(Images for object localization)
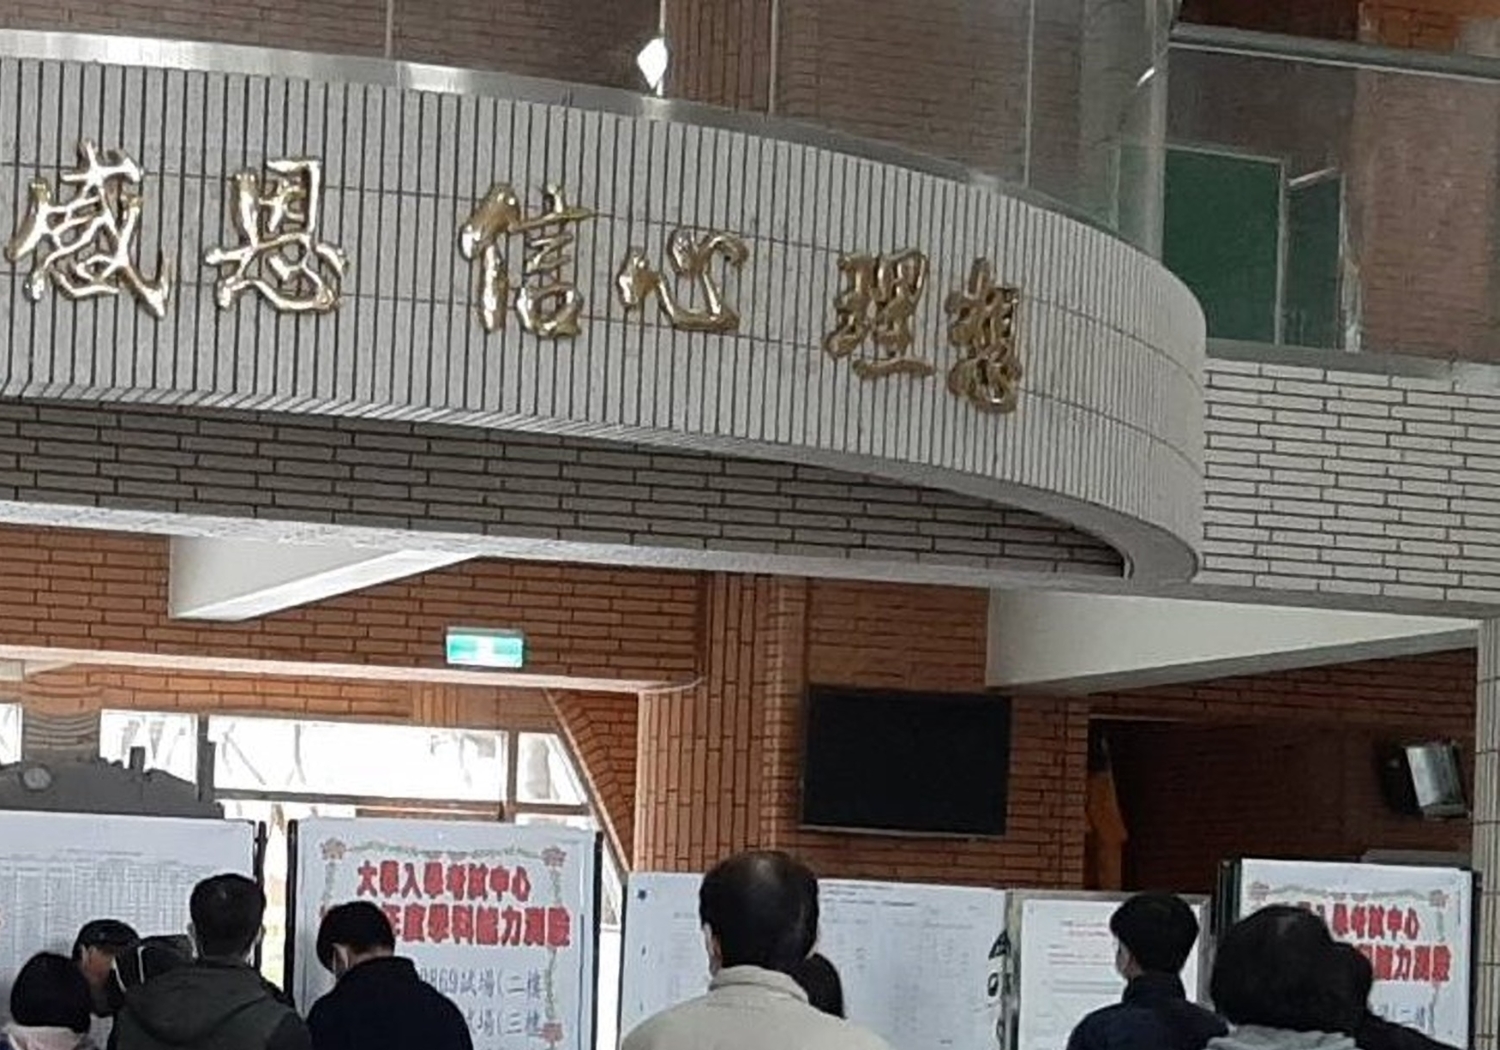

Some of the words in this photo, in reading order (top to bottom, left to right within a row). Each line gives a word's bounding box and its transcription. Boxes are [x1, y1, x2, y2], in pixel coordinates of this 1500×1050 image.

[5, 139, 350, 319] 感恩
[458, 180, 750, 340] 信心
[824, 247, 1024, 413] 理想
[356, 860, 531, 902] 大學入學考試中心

Problem description: The entries are to be written out in full and exactly, apart from the pictures.

Solution for this problem:
Some of the words in this photo, in reading order (top to bottom, left to right within a row). Each line gives a word's bounding box and its transcription. Boxes are [x1, y1, x2, y2], in pixel coordinates of this 1500×1050 image.

[5, 139, 350, 319] 感恩
[458, 180, 750, 340] 信心
[824, 247, 1024, 413] 理想
[356, 860, 531, 902] 大學入學考試中心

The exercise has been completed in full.